§ **Exercise requirements**: The expected result is the full listing, retyped exactly, without a single picture.

▽

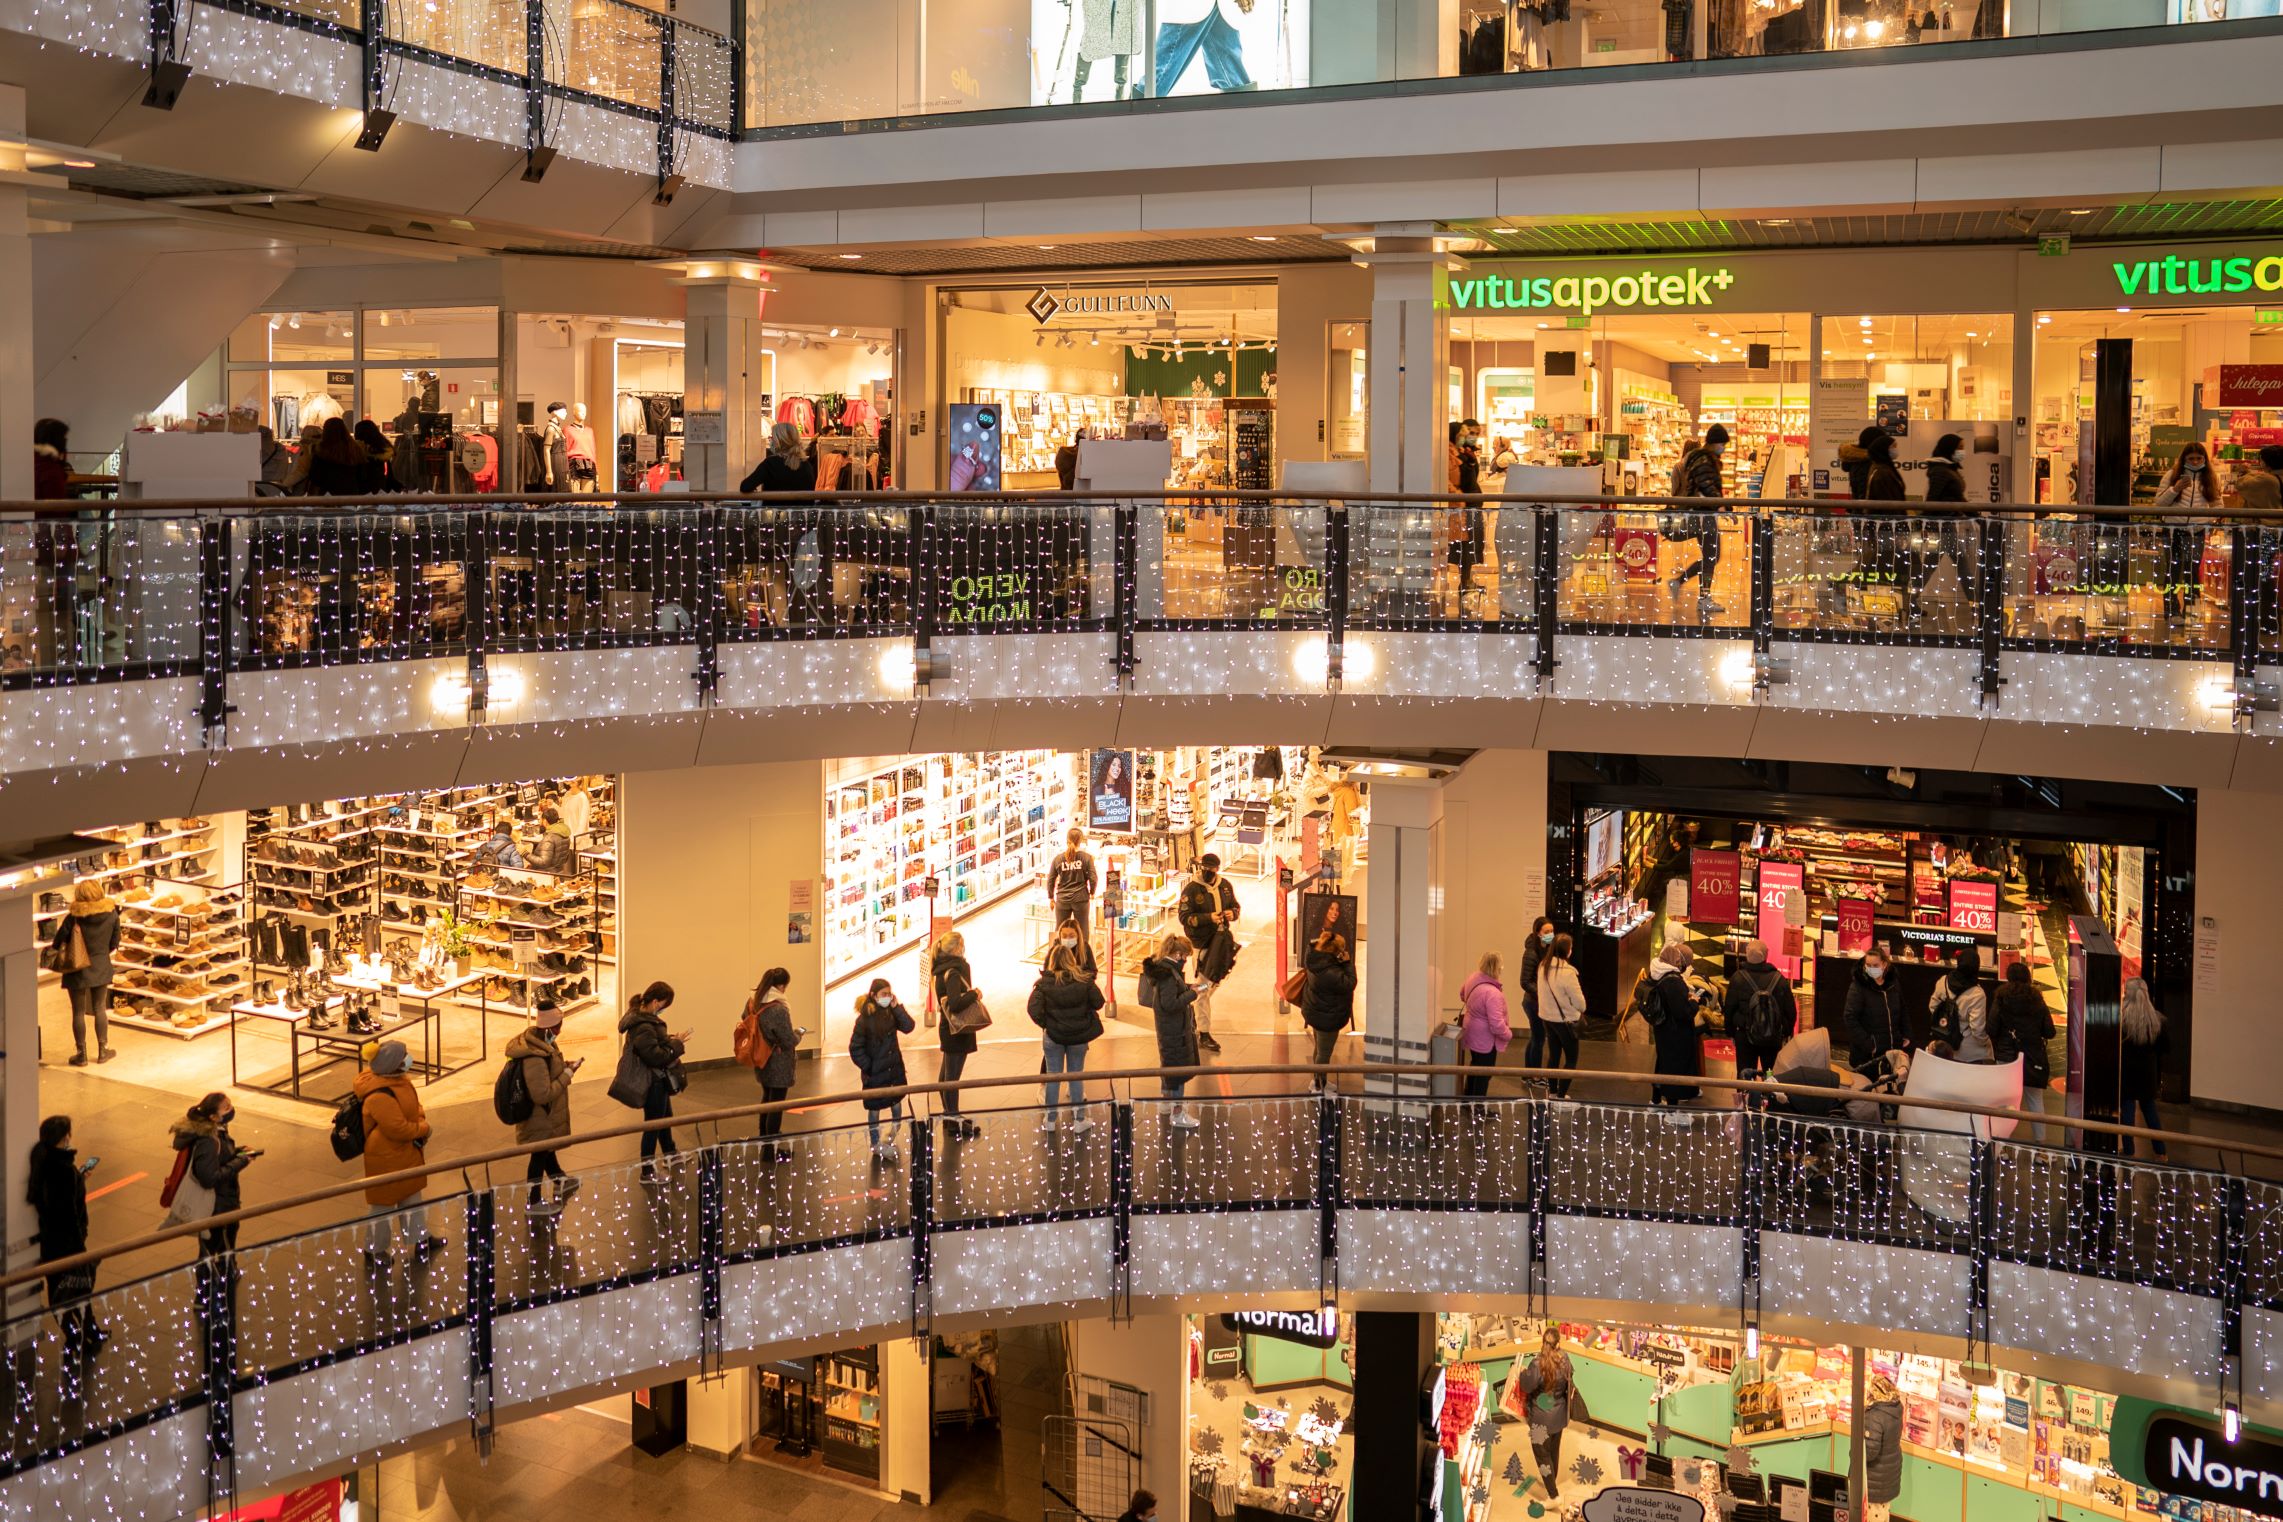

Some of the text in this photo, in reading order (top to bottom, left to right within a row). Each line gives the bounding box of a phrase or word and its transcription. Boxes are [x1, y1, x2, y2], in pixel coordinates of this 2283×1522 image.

[1064, 294, 1172, 313] GULLFUNN
[1819, 381, 1832, 389] Vis
[979, 413, 994, 424] 50%
[1098, 799, 1124, 808] BLACK
[1696, 877, 1733, 895] 40%
[1974, 903, 1994, 911] STORE
[1840, 918, 1870, 933] 40%
[1953, 911, 1992, 929] 40%
[1901, 929, 1976, 944] VICTORIA'S SECRET
[1213, 1350, 1236, 1361] Normal
[1625, 1505, 1647, 1517] delta
[1655, 1511, 1680, 1522] dette
[1665, 1500, 1682, 1513] ikke

△

§ **Answer to this task**:
Some of the text in this photo, in reading order (top to bottom, left to right within a row). Each line gives the bounding box of a phrase or word and its transcription. Boxes are [x1, y1, x2, y2], in pixel coordinates of this 2283×1522 image.

[1064, 294, 1172, 313] GULLFUNN
[1819, 381, 1832, 389] Vis
[979, 413, 994, 424] 50%
[1098, 799, 1124, 808] BLACK
[1696, 877, 1733, 895] 40%
[1974, 903, 1994, 911] STORE
[1840, 918, 1870, 933] 40%
[1953, 911, 1992, 929] 40%
[1901, 929, 1976, 944] VICTORIA'S SECRET
[1213, 1350, 1236, 1361] Normal
[1625, 1505, 1647, 1517] delta
[1655, 1511, 1680, 1522] dette
[1665, 1500, 1682, 1513] ikke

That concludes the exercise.